The British central bank, the world’s second oldest, had no choice: Plummeting bond prices threatened the forced liquidation of British government bonds bought with borrowed money by financial institutions.
A margin call in the market for UK government bonds, or gilts, would have disrupted the orderly financing of supposedly safe assets and triggered a forced liquidation of positions across markets, similar to – if not on the scale of – the 2008 world financial crisis.
The Bank of England’s retreat stopped the disintegration of the UK bond market – at least temporarily. US bond markets also rallied, apparently because investors considered the possibility that the Federal Reserve would have to back off from tightening at some point to avoid damage to US financial markets.
Britain’s two-step around the brink began earlier this week when the newly-formed government of Prime Minister Liz Truss announced massive tax cuts for UK corporations and high earners. This attempt to revive economic growth at the expense of more government debt sent the pound sterling into a free fall that brought it to its all-time lowest exchange rate against the US dollar.
The British government’s cost of borrowing as measured by the yield on inflation-protected UK government bonds jumped as the pound collapsed, threatening the forced liquidation of government bond positions.
Markets have buckled in the face of central banks’ efforts to control inflation, and the market’s standard risk gauge has jumped back to the crisis levels of March 2020, when the first Covid wave hit Western economies.
The cost of hedging US, German, and British government bonds, as well as currency positions in euro or Japanese yen, is measured by the so-called implied volatility of options on those instruments.

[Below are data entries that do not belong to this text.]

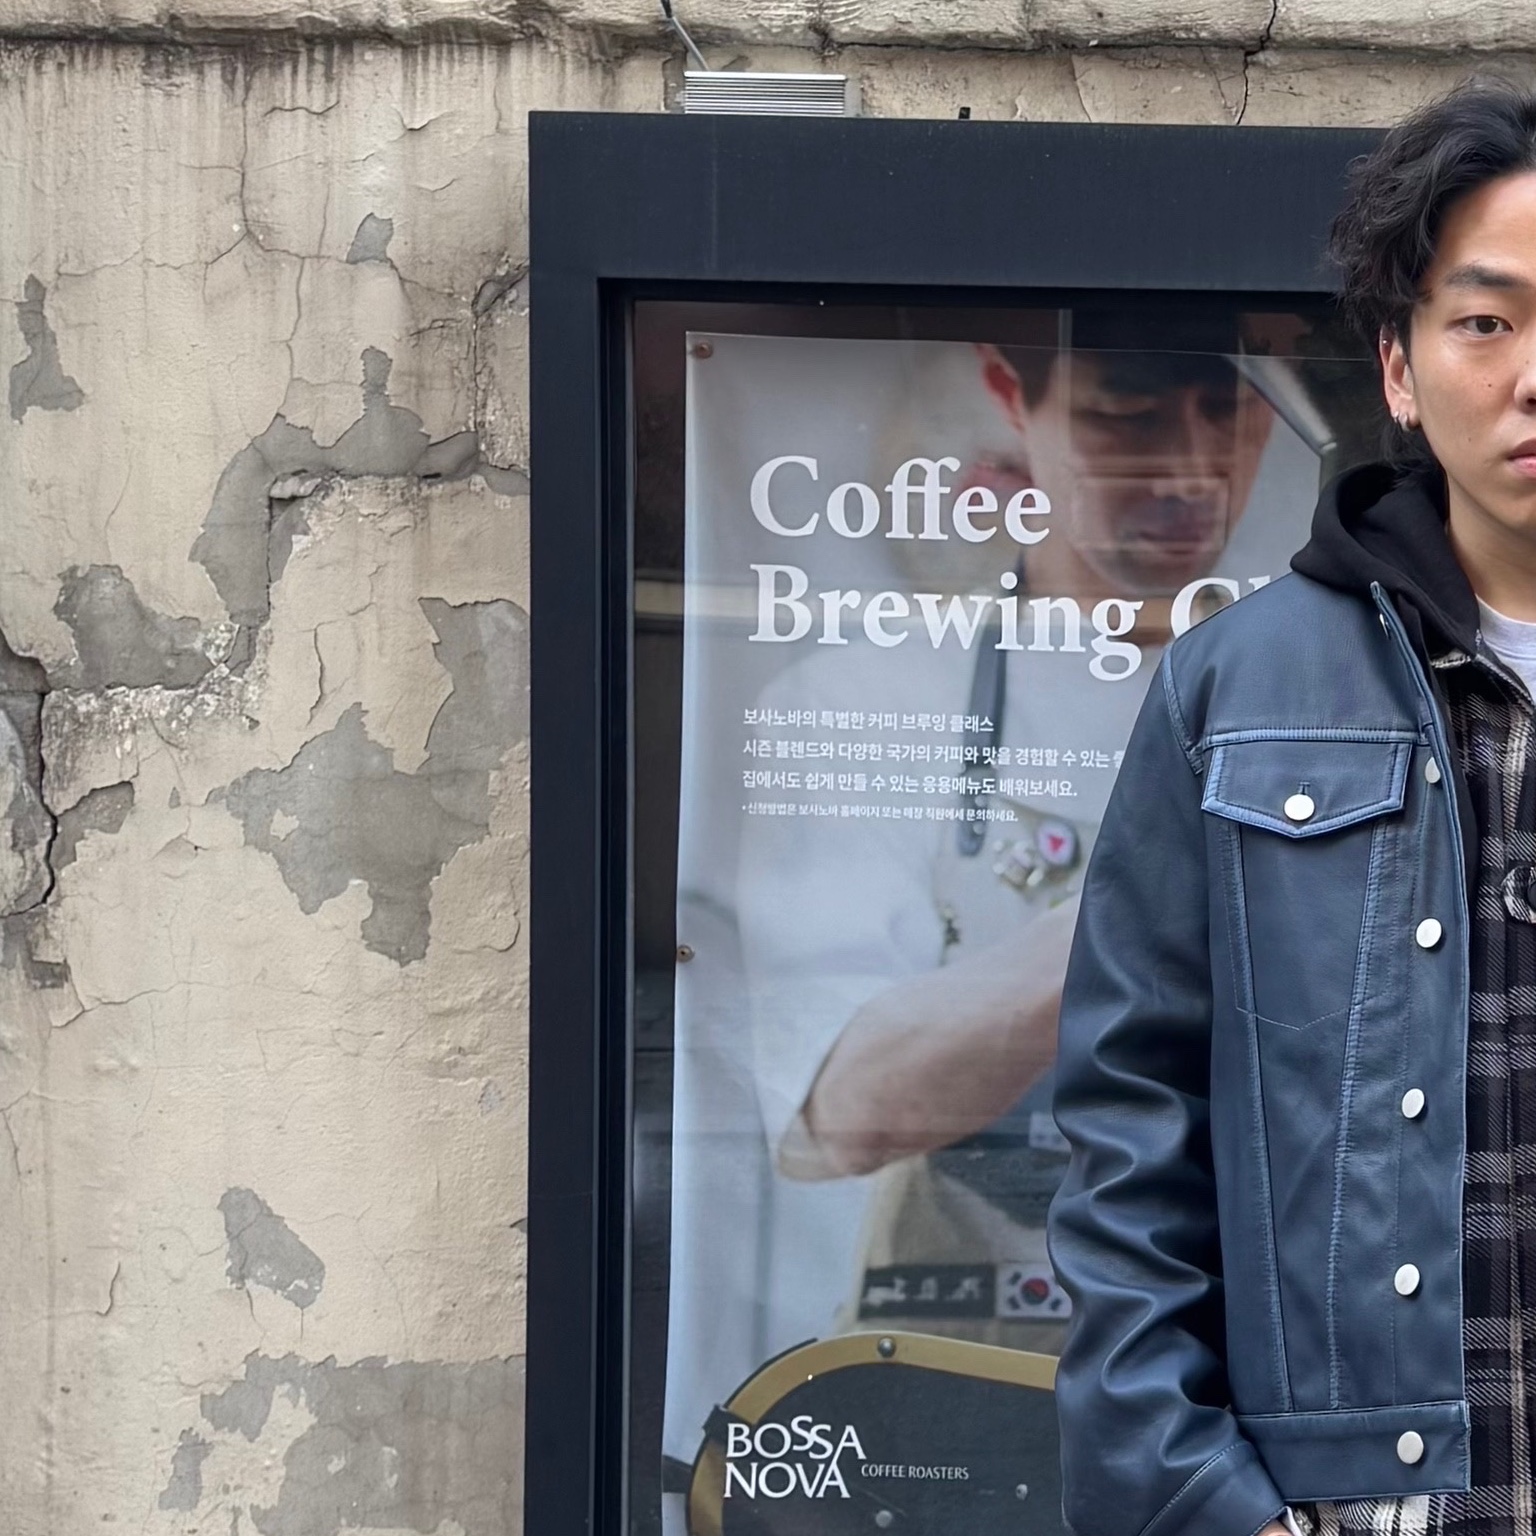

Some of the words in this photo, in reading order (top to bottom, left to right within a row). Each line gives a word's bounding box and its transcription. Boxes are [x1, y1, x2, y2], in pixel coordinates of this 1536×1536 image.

[749, 454, 1052, 545] Coffee
[747, 562, 1143, 682] Brewing
[1170, 575, 1272, 638] C
[743, 708, 817, 729] 보사노바의
[820, 710, 865, 730] 특별한
[867, 711, 898, 731] 커피
[901, 713, 946, 733] 브루잉
[949, 714, 995, 734] 클래스
[742, 739, 772, 759] 시즌
[775, 741, 834, 760] 블렌드와
[838, 742, 883, 761] 다양한
[886, 743, 931, 763] 국가의
[933, 745, 979, 765] 커피와
[982, 746, 1012, 767] 맛을
[1015, 748, 1060, 768] 경험할
[1062, 748, 1078, 767] 수
[1080, 749, 1111, 769] 있는
[742, 770, 802, 790] 집에서도
[804, 772, 834, 791] 쉽게
[837, 773, 867, 792] 만들
[870, 774, 887, 793] 수
[889, 775, 920, 794] 있는
[922, 775, 997, 796] 응용메뉴도
[999, 777, 1078, 798] 배워보세요.
[726, 1415, 867, 1462] BOSSA
[723, 1457, 851, 1499] NOVA
[860, 1463, 906, 1479] COFFEE
[907, 1466, 970, 1480] ROASTERS

By this gauge, the riskiness of major markets is back up to March 2020 levels.
In fact, the riskiness of government bond markets is now higher than during the 2008 financial crisis. That’s because government bond targets take the brunt of the impact of central bank tightening and reflect all the uncertainty associated with monetary policy.

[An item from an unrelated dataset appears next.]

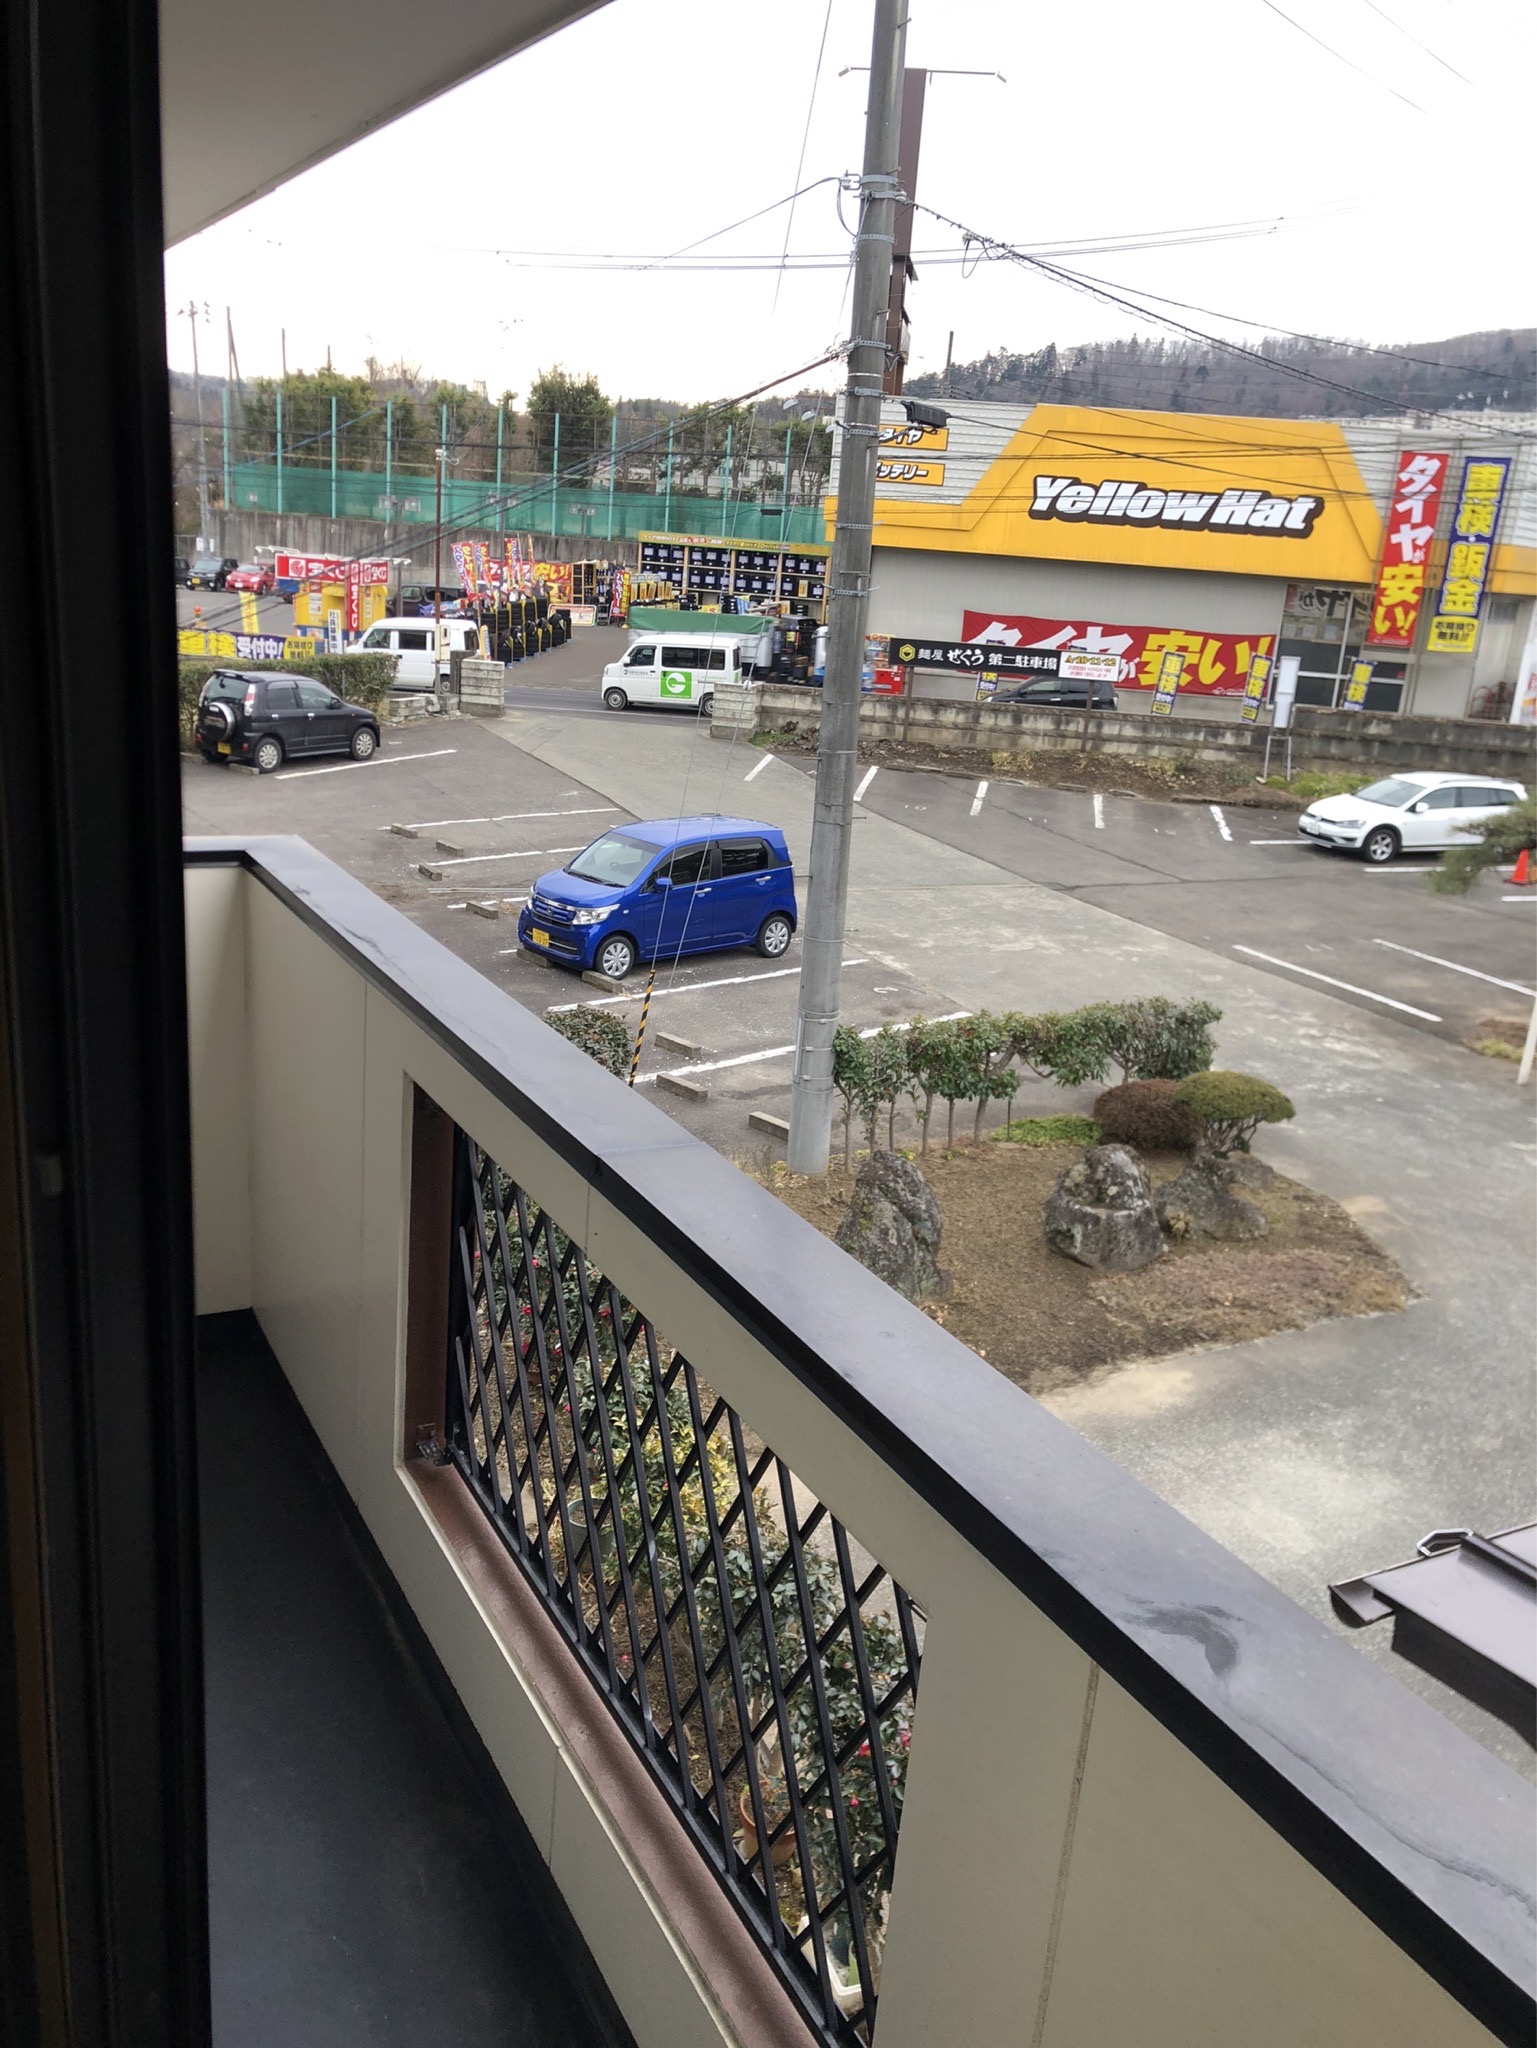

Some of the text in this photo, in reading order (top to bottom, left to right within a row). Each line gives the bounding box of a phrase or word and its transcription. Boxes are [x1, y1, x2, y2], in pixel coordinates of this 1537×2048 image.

[878, 427, 924, 445] タイヤ
[875, 462, 929, 480] ッテリー
[947, 648, 985, 667] ぜくう
[988, 653, 1058, 671] 第二駐車場

Risk in other markets, to be sure, remains muted compared with real crisis conditions. The stock market’s measure of implied volatility, the VIX Index, is elevated, but still below the extreme levels of 2008 or March 2020.
The one monetary asset that does not show elevated risk is gold. As shown in the chart below, the implied volatility of gold options has tracked the volatility of Treasury inflation-protected securities. Under normal conditions, TIPS and gold both offer the same sort of hedge against extreme moves in the inflation rate. In 2008, for example, gold volatility and TIPS volatility spiked together, and the two risk measures have tracked each other closely since then – until 2022, that is.

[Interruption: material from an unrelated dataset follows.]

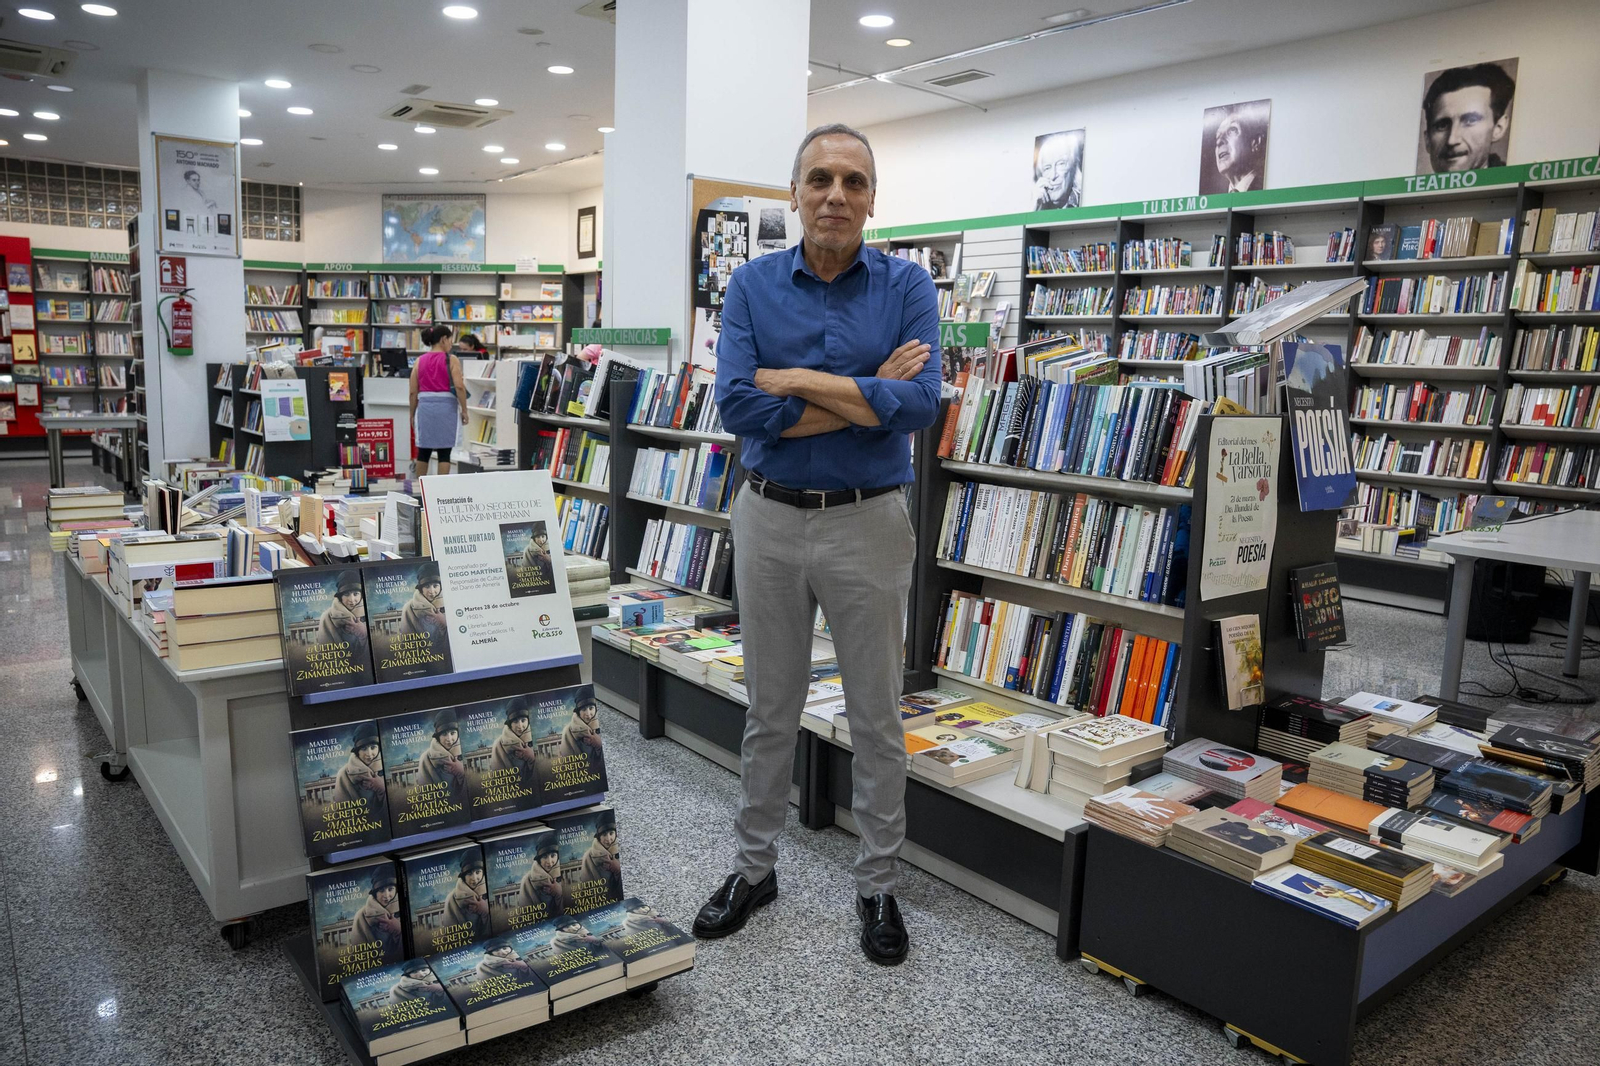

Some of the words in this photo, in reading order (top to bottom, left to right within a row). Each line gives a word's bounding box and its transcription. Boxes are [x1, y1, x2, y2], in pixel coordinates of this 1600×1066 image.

This time, gold volatility is much lower than – in fact, about half as low as – the corresponding level of TIPS volatility would indicate.
The explanation for this discrepancy probably lies in market skepticism about central banks’ efforts to fight inflation by tightening credit conditions. This inflation didn’t start with a credit bubble, unlike the last big round of inflation during the 1970s. Instead, it began with the central banks’ response to the Covid-19 pandemic and the massive subsidies that governments offered to consumers. The Biden Administration continues to throw money at consumers, for example in the form of a student loan forgiveness program that will cost the Treasury more than $400 billion.
The Federal Reserve squeezed credit, sending the dollar to record highs against the British pound and near-record highs against the Euro. But the market doesn’t think dollar strength is sustainable, and worries about a volatile response in government bond markets.
Under these circumstances, gold provides a hedge against whipsaws in monetary policy. That’s why the market considers gold a less risky asset than TIPS or other paper instruments.